# What to work on
Word for word, copy the records and drop the pictures.

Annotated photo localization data
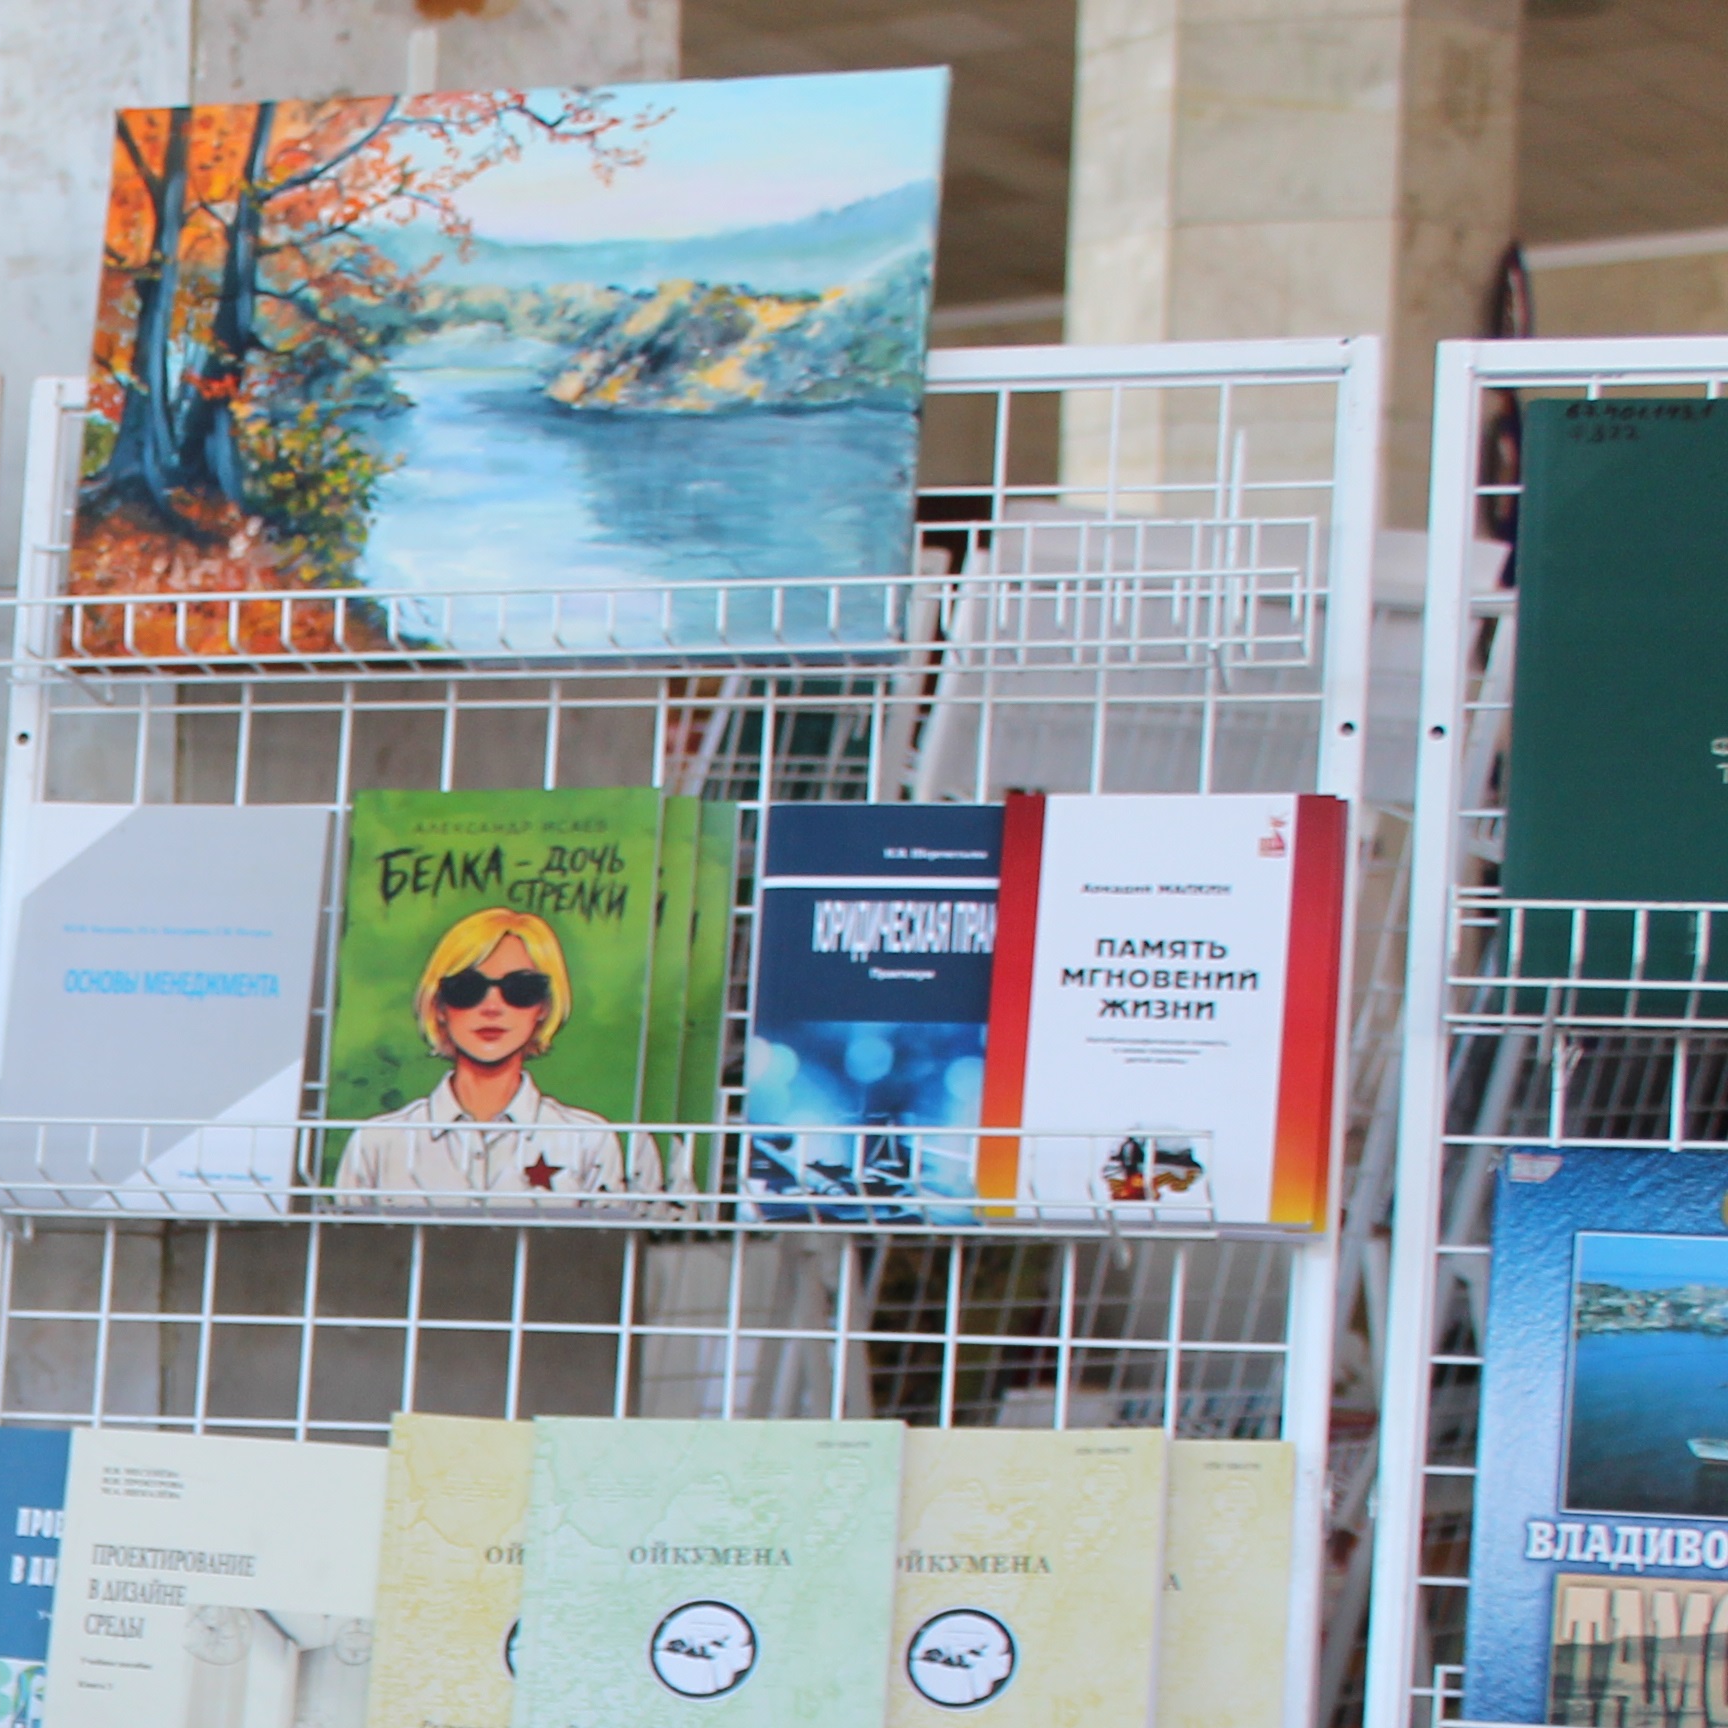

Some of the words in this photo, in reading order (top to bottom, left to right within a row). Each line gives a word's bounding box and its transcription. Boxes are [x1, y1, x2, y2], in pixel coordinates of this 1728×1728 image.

[376, 844, 505, 907] БЕЛКА
[540, 842, 626, 877] ДОЧЬ
[507, 878, 630, 923] СТРЕЛКИ
[1095, 939, 1229, 960] ПАМЯТЬ
[64, 969, 141, 993] ОСНОВЫ
[145, 970, 280, 1001] МЕНЕДЖМЕНТА
[1059, 967, 1260, 991] МГНОВЕНИЙ
[1100, 999, 1216, 1021] ЖИЗНИ
[92, 1543, 256, 1578] ПРОЕКТИРОВАНИЕ
[629, 1545, 793, 1567] ОЙКУМЕНА
[1525, 1521, 1728, 1571] ВЛАДИВО
[88, 1579, 99, 1600] В
[102, 1578, 187, 1607] ДИЗАЙНЕ
[84, 1614, 144, 1640] СРЕДЫ

# Task result
Some of the words in this photo, in reading order (top to bottom, left to right within a row). Each line gives a word's bounding box and its transcription. Boxes are [x1, y1, x2, y2], in pixel coordinates of this 1728×1728 image.

[376, 844, 505, 907] БЕЛКА
[540, 842, 626, 877] ДОЧЬ
[507, 878, 630, 923] СТРЕЛКИ
[1095, 939, 1229, 960] ПАМЯТЬ
[64, 969, 141, 993] ОСНОВЫ
[145, 970, 280, 1001] МЕНЕДЖМЕНТА
[1059, 967, 1260, 991] МГНОВЕНИЙ
[1100, 999, 1216, 1021] ЖИЗНИ
[92, 1543, 256, 1578] ПРОЕКТИРОВАНИЕ
[629, 1545, 793, 1567] ОЙКУМЕНА
[1525, 1521, 1728, 1571] ВЛАДИВО
[88, 1579, 99, 1600] В
[102, 1578, 187, 1607] ДИЗАЙНЕ
[84, 1614, 144, 1640] СРЕДЫ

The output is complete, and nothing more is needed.